Posterior means and standard deviations for (co)variance components, heritabilities and genetic correlations were obtained using the POSTGIBBSF90 (Misztal et al. 2002). The analysis consisted of a single chain of 100 000 cycles discarding the first 20 000 cycles, taking a sample at every 50 iterations to obtain the parameters. The standard error of heritability estimates and genomic correlations were obtained using the OPTION se_covar_function of the POSTGIBBSF90 program (Misztal et al. 2002).

The estimates of heritability and their corresponding standard errors for both single- and multi-trait models are presented in Table 3. The estimates for BB cows ranged from low to moderate for both models. Days to calving at the first calving opportunity (DC1) had the lowest heritability for both single-trait (0.07 ± 0.04) and multi-trait (0.17 ± 0.05) models, while AGECL had the highest estimates for both models (single-trait: 0.56 ± 0.08; multi-trait: 0.57 ± 0.08). For TC cows, the estimates of heritability ranged from low to moderate for single-trait models and from low to high for multi-trait models. DC1 had the lowest heritability for both single-trait (0.04 ± 0.03) and multi-trait (0.12 ± 0.03) models, while AGECL had a moderate estimate for the single-trait (0.46 ± 0.08) and a high estimate for the multi-trait (0.69 ± 0.02) model. For BB and TC bulls, the heritability estimates in most cases followed a similar pattern, with the estimates ranging from low to high in both populations. For the single-trait models, sperm motility (MOT) had the lowest heritability estimate in BB (0.09 ± 0.05) and TC (0.09 ± 0.05), while SC24 had the highest estimates in both breeds (0.62 ± 0.07 in BB and 0.62 ± 0.08 in TC). For multi-trait analysis, again SC24 had the highest estimates of heritability in both breeds (0.64 ± 0.06 in BB and 0.69 ± 0.07 in TC), while MOT had the lowest estimate in BB (0.09 ± 0.02) and sperm mass activity (MAS) had the lowest estimate in TC (0.18 ± 0.06). Generally, heritability estimates from the multi-trait analysis were higher than the estimates from a single-trait models and were usually accompanied by lower standard errors.

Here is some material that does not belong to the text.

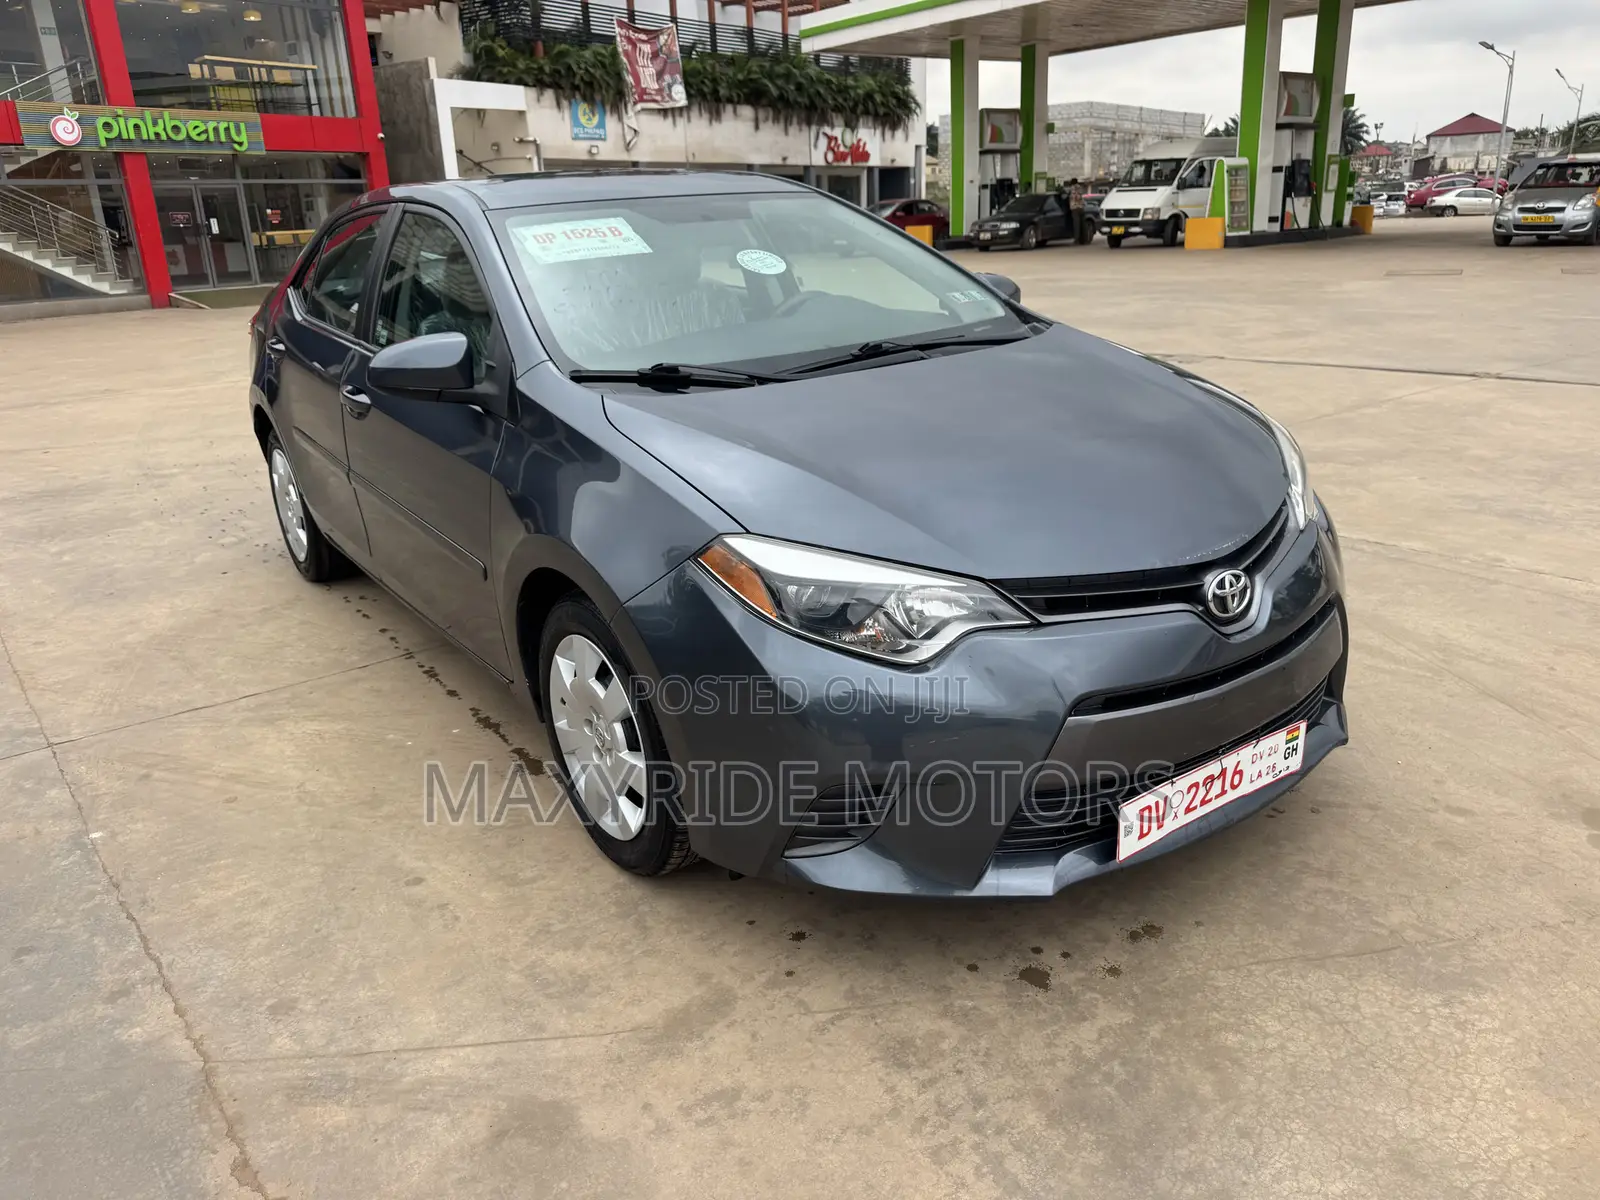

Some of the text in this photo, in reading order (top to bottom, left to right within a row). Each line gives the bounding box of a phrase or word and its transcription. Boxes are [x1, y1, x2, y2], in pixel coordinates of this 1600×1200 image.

Table 3.  Heritability estimates and standard error for cow and bull fertility traits in Brahman and Tropical Composite
BB, Brahman; TC, Tropical Composite; h², heritability estimate

Genetic correlation (bivariate and multivariate) among cow-fertility phenotypes for both BB and TC are presented in Table 4. In general, a range of strong positive and negative genetic correlations was recorded between the studied traits for both breeds. Given the low heritabilities of age at first calving (AFC) and DC1 in both breeds, all genetic correlation estimates with these traits had large standard errors. The magnitude of the errors was reduced in the multi-trait model.

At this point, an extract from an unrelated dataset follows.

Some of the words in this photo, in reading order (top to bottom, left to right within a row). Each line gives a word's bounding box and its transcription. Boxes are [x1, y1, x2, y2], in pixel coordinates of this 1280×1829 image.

Table 4.  Genetic correlations across cow fertility traits for the bivariate models (below diagonal) and the multi-trait models (above diagonal) in Brahman and Tropical Composites
Standard error (s.e.) in parentheses. BB, Brahman; TC, Tropical Composites; bold indicates an estimate with a s.e. less than 1/2 the size of the correlation

For BB cows, the strongest genetic correlation was observed between AGECL and DC1 for both bivariate (BB: 0.76 ± 0.20) and multivariate (BB: 0.59 ± 0.17) model. However, for TC cow, the strongest correlation was observed between PPAI and DC5 (TC: 0.89 ± 0.14) for bivariate and AGECL and PPAI (TC: 0.87 ± 0.05) for multi-trait model.

Genetic correlation (bivariate and multivariate) among bull fertility phenotypes for both BB and TC breeds are presented in Table 5. Generally, the estimates of genetic correlation were all positive in both genotypes for both models, indicating a lack of genetic antagonism among the studied traits. A notable exception was the correlation between IGF1b and SC24 (–0.03 ± 0.33) for the bivariate model. However, these estimates were positive for all traits when analysed using a multi-trait model. The strongest genetic correlation was observed between SC18 and SC24 for both bivariate (BB: 0.97 ± 0.02; TC: 0.97 ± 0.01) and multivariate (BB: 0.93 ± 0.02; TC: 0.95 ± 0.01) models.

Table 5.  Genetic correlations across bull fertility traits for the bivariate models (below diagonal) and the multi-trait models (above diagonal) in Brahman and Tropical Composites
Standard error (s.e.) in parentheses. BB, Brahman; TC, Tropical Composites; bold indicates an estimate with a s.e. less than 1/2 the size of the correlation

Estimated genetic correlations (bivariate) between cow and bull traits for BB and TC are presented in Table 6. Some standard errors for these correlations are larger than the genomic correlation itself, implying that the correlations are not significant.

Table 6.  Genomic correlations estimated between cow and bull fertility traits in Brahman and Tropical Composite cattle
Standard error (s.e. in parentheses). BB, Brahman; TC, Tropical Composite; bold indicates an estimate with a s.e. less than 1/2 the size of the correlation

For BB, IGF1b was favourably correlated with all the female fertility phenotypes, with the strongest negative correlation recorded between IGF1b and AGECL (–0.65 ± 0.13) and the lowest observed between IGF1b and DC5 (–0.02 ± 0.20). Semen-quality traits (MAS, MOT and percentage normal sperm (PNS)) had a negative correlation with PPAI, with estimates of –0.81 ± 0.30, –0.75 ± 0.39 and –0.50 ± 0.19 respectively. SC12, SC18 and SC12 had a moderate negative genetic correlation with AGECL (–0.32 ± 0.15) and (–0.36 ± 0.12), (–0.25 ± 0.12) respectively. Moderate negative correlations were also observed between SC12 and DC1(–0.32 ± 0.30) as well as SC12 and DC1 (–0.21 ± 0.31) respectively.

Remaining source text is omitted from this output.